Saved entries
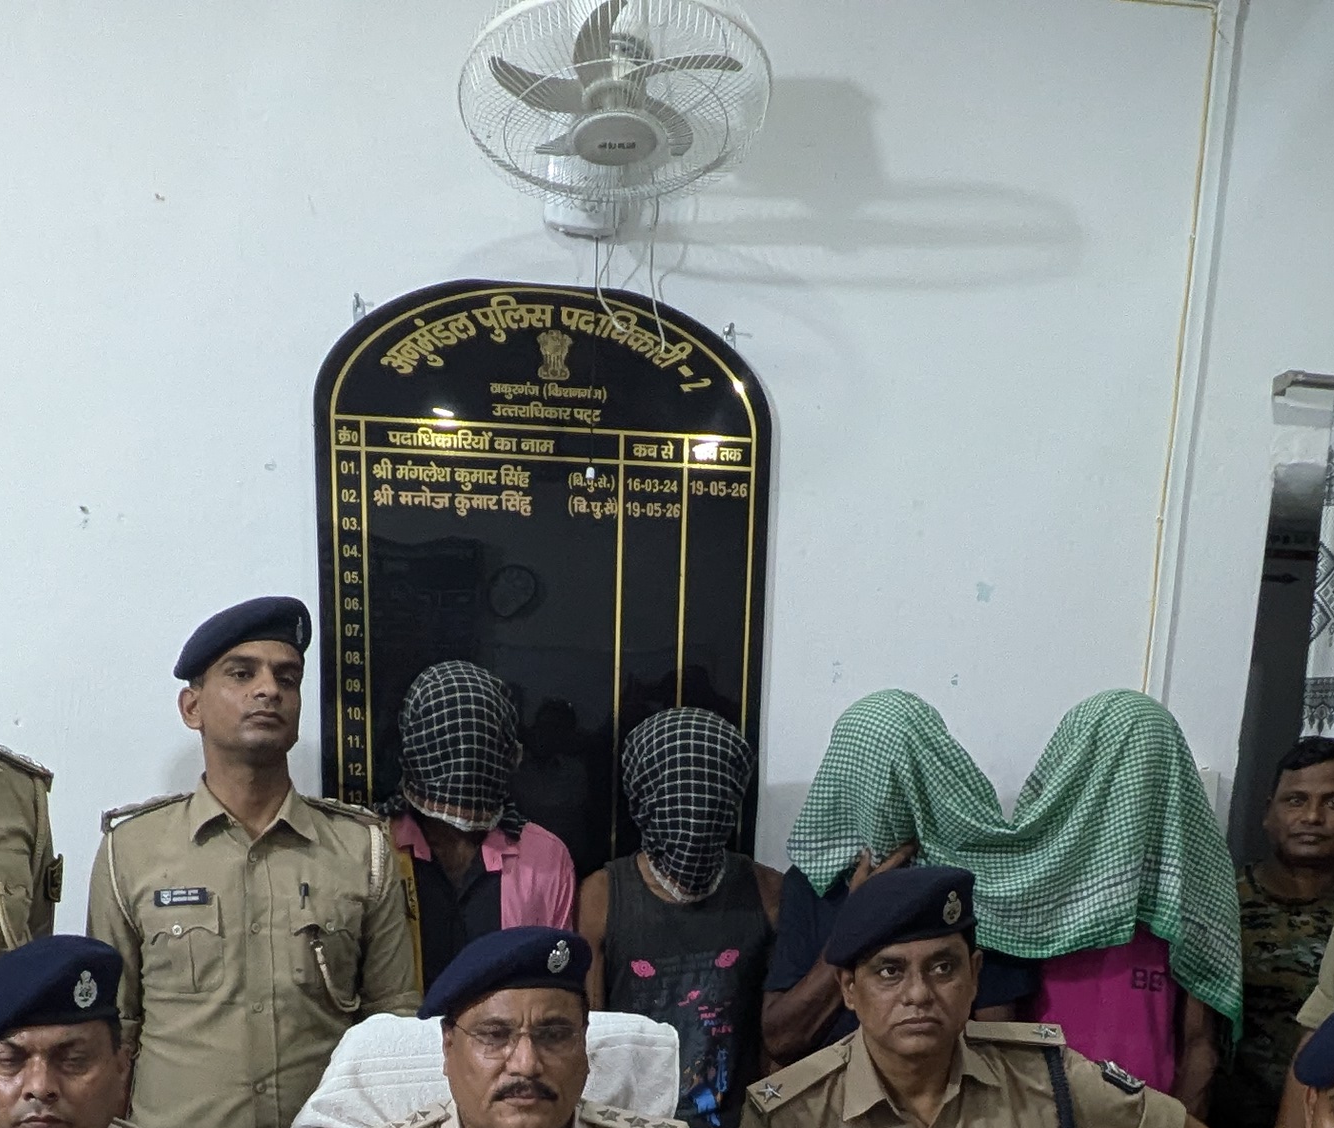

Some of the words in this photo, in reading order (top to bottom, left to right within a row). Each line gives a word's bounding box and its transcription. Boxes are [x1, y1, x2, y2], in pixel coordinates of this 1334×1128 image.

[380, 311, 476, 374] अनुमंडल
[471, 295, 555, 343] पुलिस
[560, 306, 693, 370] पदाधिकारी
[492, 401, 571, 420] उत्तराधिकार
[387, 427, 493, 450] पदाधिकारियों
[494, 436, 517, 452] का
[520, 439, 555, 453] नाम
[660, 440, 674, 459] से
[719, 447, 743, 461] तक
[340, 461, 359, 474] 01.
[372, 457, 392, 479] श्री
[395, 460, 451, 482] मंगलेश
[454, 467, 498, 491] कुमार
[499, 464, 531, 487] सिंह
[627, 478, 678, 493] 16-03-24
[689, 480, 748, 497] 19-05-26
[341, 489, 360, 503] 02.
[373, 483, 394, 506] श्री
[398, 486, 452, 508] मनोज
[454, 492, 498, 516] कुमार
[500, 490, 532, 516] सिंह
[626, 502, 681, 518] 19-05-26
[342, 518, 361, 531] 03.
[343, 545, 361, 558] 04.
[344, 571, 362, 584] 05.
[344, 598, 363, 611] 06.
[345, 624, 363, 637] 07.
[345, 652, 364, 665] 08.
[346, 679, 364, 693] 09.
[347, 707, 365, 721] 10.
[347, 735, 365, 749] 11.
[348, 762, 366, 776] 12.

WORK TO COMPLETE :: Copy every line above exactly; images stay out.

RESULT OF THIS TASK ::
Some of the words in this photo, in reading order (top to bottom, left to right within a row). Each line gives a word's bounding box and its transcription. Boxes are [x1, y1, x2, y2], in pixel coordinates of this 1334×1128 image.

[380, 311, 476, 374] अनुमंडल
[471, 295, 555, 343] पुलिस
[560, 306, 693, 370] पदाधिकारी
[492, 401, 571, 420] उत्तराधिकार
[387, 427, 493, 450] पदाधिकारियों
[494, 436, 517, 452] का
[520, 439, 555, 453] नाम
[660, 440, 674, 459] से
[719, 447, 743, 461] तक
[340, 461, 359, 474] 01.
[372, 457, 392, 479] श्री
[395, 460, 451, 482] मंगलेश
[454, 467, 498, 491] कुमार
[499, 464, 531, 487] सिंह
[627, 478, 678, 493] 16-03-24
[689, 480, 748, 497] 19-05-26
[341, 489, 360, 503] 02.
[373, 483, 394, 506] श्री
[398, 486, 452, 508] मनोज
[454, 492, 498, 516] कुमार
[500, 490, 532, 516] सिंह
[626, 502, 681, 518] 19-05-26
[342, 518, 361, 531] 03.
[343, 545, 361, 558] 04.
[344, 571, 362, 584] 05.
[344, 598, 363, 611] 06.
[345, 624, 363, 637] 07.
[345, 652, 364, 665] 08.
[346, 679, 364, 693] 09.
[347, 707, 365, 721] 10.
[347, 735, 365, 749] 11.
[348, 762, 366, 776] 12.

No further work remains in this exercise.